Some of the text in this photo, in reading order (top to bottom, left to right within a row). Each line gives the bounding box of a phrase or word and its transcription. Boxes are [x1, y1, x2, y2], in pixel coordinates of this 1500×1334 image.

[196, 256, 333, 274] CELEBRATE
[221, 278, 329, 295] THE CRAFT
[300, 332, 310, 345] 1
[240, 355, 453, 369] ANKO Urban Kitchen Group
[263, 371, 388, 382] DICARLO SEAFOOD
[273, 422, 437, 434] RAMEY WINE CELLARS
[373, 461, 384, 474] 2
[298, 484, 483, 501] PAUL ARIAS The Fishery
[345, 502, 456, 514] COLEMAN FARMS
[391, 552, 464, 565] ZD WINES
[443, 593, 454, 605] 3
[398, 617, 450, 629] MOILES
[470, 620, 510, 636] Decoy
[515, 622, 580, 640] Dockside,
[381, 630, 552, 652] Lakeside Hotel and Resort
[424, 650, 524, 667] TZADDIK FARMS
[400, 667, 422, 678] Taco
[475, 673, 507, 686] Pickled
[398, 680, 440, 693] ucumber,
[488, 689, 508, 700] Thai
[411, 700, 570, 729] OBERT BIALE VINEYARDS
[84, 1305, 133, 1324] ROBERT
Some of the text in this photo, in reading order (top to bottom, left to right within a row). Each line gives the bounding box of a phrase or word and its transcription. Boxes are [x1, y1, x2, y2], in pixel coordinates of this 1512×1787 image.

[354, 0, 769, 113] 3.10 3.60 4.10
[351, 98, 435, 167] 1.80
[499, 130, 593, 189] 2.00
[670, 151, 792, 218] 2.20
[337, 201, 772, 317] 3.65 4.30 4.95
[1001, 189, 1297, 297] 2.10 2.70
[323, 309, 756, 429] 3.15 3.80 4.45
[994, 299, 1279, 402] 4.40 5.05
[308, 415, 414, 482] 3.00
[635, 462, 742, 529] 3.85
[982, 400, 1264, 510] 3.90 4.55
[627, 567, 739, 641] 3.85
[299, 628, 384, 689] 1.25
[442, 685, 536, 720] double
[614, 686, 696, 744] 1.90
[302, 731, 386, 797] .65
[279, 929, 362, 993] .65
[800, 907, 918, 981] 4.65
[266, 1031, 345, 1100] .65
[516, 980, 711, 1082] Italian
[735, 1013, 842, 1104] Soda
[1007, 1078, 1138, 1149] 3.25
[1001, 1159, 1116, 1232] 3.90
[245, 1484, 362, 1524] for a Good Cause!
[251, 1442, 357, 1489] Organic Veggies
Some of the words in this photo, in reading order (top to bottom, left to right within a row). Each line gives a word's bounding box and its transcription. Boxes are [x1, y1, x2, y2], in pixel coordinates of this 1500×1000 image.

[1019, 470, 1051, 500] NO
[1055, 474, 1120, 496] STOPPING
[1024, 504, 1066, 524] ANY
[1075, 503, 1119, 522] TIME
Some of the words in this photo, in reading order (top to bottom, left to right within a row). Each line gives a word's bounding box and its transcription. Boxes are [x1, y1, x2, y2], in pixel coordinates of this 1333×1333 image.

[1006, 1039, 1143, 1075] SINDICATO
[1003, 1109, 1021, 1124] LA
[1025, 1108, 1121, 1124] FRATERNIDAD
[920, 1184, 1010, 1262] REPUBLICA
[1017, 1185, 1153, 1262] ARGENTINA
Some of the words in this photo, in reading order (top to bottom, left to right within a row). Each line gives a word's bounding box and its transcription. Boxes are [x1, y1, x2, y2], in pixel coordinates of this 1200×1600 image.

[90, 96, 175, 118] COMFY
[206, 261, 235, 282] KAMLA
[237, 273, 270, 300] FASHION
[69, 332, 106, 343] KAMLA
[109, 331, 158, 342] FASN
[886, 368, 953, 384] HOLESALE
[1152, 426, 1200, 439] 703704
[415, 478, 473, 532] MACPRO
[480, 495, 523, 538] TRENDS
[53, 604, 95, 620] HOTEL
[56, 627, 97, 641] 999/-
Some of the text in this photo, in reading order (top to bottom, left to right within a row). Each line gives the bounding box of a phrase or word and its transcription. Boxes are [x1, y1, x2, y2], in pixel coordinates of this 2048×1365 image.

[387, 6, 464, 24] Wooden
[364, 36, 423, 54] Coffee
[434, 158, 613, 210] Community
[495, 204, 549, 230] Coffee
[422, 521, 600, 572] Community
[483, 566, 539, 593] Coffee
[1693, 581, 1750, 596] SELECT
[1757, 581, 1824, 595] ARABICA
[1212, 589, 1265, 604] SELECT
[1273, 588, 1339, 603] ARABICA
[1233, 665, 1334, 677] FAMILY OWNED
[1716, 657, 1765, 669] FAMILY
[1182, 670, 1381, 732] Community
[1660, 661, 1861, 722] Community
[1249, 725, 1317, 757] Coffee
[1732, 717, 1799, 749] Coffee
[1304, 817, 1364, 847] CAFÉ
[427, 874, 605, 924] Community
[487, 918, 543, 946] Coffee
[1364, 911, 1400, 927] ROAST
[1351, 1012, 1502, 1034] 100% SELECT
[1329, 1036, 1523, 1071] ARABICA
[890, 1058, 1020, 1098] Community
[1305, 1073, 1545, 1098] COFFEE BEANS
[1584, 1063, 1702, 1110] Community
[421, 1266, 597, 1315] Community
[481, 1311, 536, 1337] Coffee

AIM OF THE EXERCISE: Output the data exactly, so that every line matches the original.

SOLUTION:
Some of the text in this photo, in reading order (top to bottom, left to right within a row). Each line gives the bounding box of a phrase or word and its transcription. Boxes are [x1, y1, x2, y2], in pixel coordinates of this 1500×1334 image.

[196, 256, 333, 274] CELEBRATE
[221, 278, 329, 295] THE CRAFT
[300, 332, 310, 345] 1
[240, 355, 453, 369] ANKO Urban Kitchen Group
[263, 371, 388, 382] DICARLO SEAFOOD
[273, 422, 437, 434] RAMEY WINE CELLARS
[373, 461, 384, 474] 2
[298, 484, 483, 501] PAUL ARIAS The Fishery
[345, 502, 456, 514] COLEMAN FARMS
[391, 552, 464, 565] ZD WINES
[443, 593, 454, 605] 3
[398, 617, 450, 629] MOILES
[470, 620, 510, 636] Decoy
[515, 622, 580, 640] Dockside,
[381, 630, 552, 652] Lakeside Hotel and Resort
[424, 650, 524, 667] TZADDIK FARMS
[400, 667, 422, 678] Taco
[475, 673, 507, 686] Pickled
[398, 680, 440, 693] ucumber,
[488, 689, 508, 700] Thai
[411, 700, 570, 729] OBERT BIALE VINEYARDS
[84, 1305, 133, 1324] ROBERT
Some of the text in this photo, in reading order (top to bottom, left to right within a row). Each line gives the bounding box of a phrase or word and its transcription. Boxes are [x1, y1, x2, y2], in pixel coordinates of this 1512×1787 image.

[354, 0, 769, 113] 3.10 3.60 4.10
[351, 98, 435, 167] 1.80
[499, 130, 593, 189] 2.00
[670, 151, 792, 218] 2.20
[337, 201, 772, 317] 3.65 4.30 4.95
[1001, 189, 1297, 297] 2.10 2.70
[323, 309, 756, 429] 3.15 3.80 4.45
[994, 299, 1279, 402] 4.40 5.05
[308, 415, 414, 482] 3.00
[635, 462, 742, 529] 3.85
[982, 400, 1264, 510] 3.90 4.55
[627, 567, 739, 641] 3.85
[299, 628, 384, 689] 1.25
[442, 685, 536, 720] double
[614, 686, 696, 744] 1.90
[302, 731, 386, 797] .65
[279, 929, 362, 993] .65
[800, 907, 918, 981] 4.65
[266, 1031, 345, 1100] .65
[516, 980, 711, 1082] Italian
[735, 1013, 842, 1104] Soda
[1007, 1078, 1138, 1149] 3.25
[1001, 1159, 1116, 1232] 3.90
[245, 1484, 362, 1524] for a Good Cause!
[251, 1442, 357, 1489] Organic Veggies
Some of the words in this photo, in reading order (top to bottom, left to right within a row). Each line gives a word's bounding box and its transcription. Boxes are [x1, y1, x2, y2], in pixel coordinates of this 1500×1000 image.

[1019, 470, 1051, 500] NO
[1055, 474, 1120, 496] STOPPING
[1024, 504, 1066, 524] ANY
[1075, 503, 1119, 522] TIME
Some of the words in this photo, in reading order (top to bottom, left to right within a row). Each line gives a word's bounding box and its transcription. Boxes are [x1, y1, x2, y2], in pixel coordinates of this 1333×1333 image.

[1006, 1039, 1143, 1075] SINDICATO
[1003, 1109, 1021, 1124] LA
[1025, 1108, 1121, 1124] FRATERNIDAD
[920, 1184, 1010, 1262] REPUBLICA
[1017, 1185, 1153, 1262] ARGENTINA
Some of the words in this photo, in reading order (top to bottom, left to right within a row). Each line gives a word's bounding box and its transcription. Boxes are [x1, y1, x2, y2], in pixel coordinates of this 1200×1600 image.

[90, 96, 175, 118] COMFY
[206, 261, 235, 282] KAMLA
[237, 273, 270, 300] FASHION
[69, 332, 106, 343] KAMLA
[109, 331, 158, 342] FASN
[886, 368, 953, 384] HOLESALE
[1152, 426, 1200, 439] 703704
[415, 478, 473, 532] MACPRO
[480, 495, 523, 538] TRENDS
[53, 604, 95, 620] HOTEL
[56, 627, 97, 641] 999/-
Some of the text in this photo, in reading order (top to bottom, left to right within a row). Each line gives the bounding box of a phrase or word and its transcription. Boxes are [x1, y1, x2, y2], in pixel coordinates of this 2048×1365 image.

[387, 6, 464, 24] Wooden
[364, 36, 423, 54] Coffee
[434, 158, 613, 210] Community
[495, 204, 549, 230] Coffee
[422, 521, 600, 572] Community
[483, 566, 539, 593] Coffee
[1693, 581, 1750, 596] SELECT
[1757, 581, 1824, 595] ARABICA
[1212, 589, 1265, 604] SELECT
[1273, 588, 1339, 603] ARABICA
[1233, 665, 1334, 677] FAMILY OWNED
[1716, 657, 1765, 669] FAMILY
[1182, 670, 1381, 732] Community
[1660, 661, 1861, 722] Community
[1249, 725, 1317, 757] Coffee
[1732, 717, 1799, 749] Coffee
[1304, 817, 1364, 847] CAFÉ
[427, 874, 605, 924] Community
[487, 918, 543, 946] Coffee
[1364, 911, 1400, 927] ROAST
[1351, 1012, 1502, 1034] 100% SELECT
[1329, 1036, 1523, 1071] ARABICA
[890, 1058, 1020, 1098] Community
[1305, 1073, 1545, 1098] COFFEE BEANS
[1584, 1063, 1702, 1110] Community
[421, 1266, 597, 1315] Community
[481, 1311, 536, 1337] Coffee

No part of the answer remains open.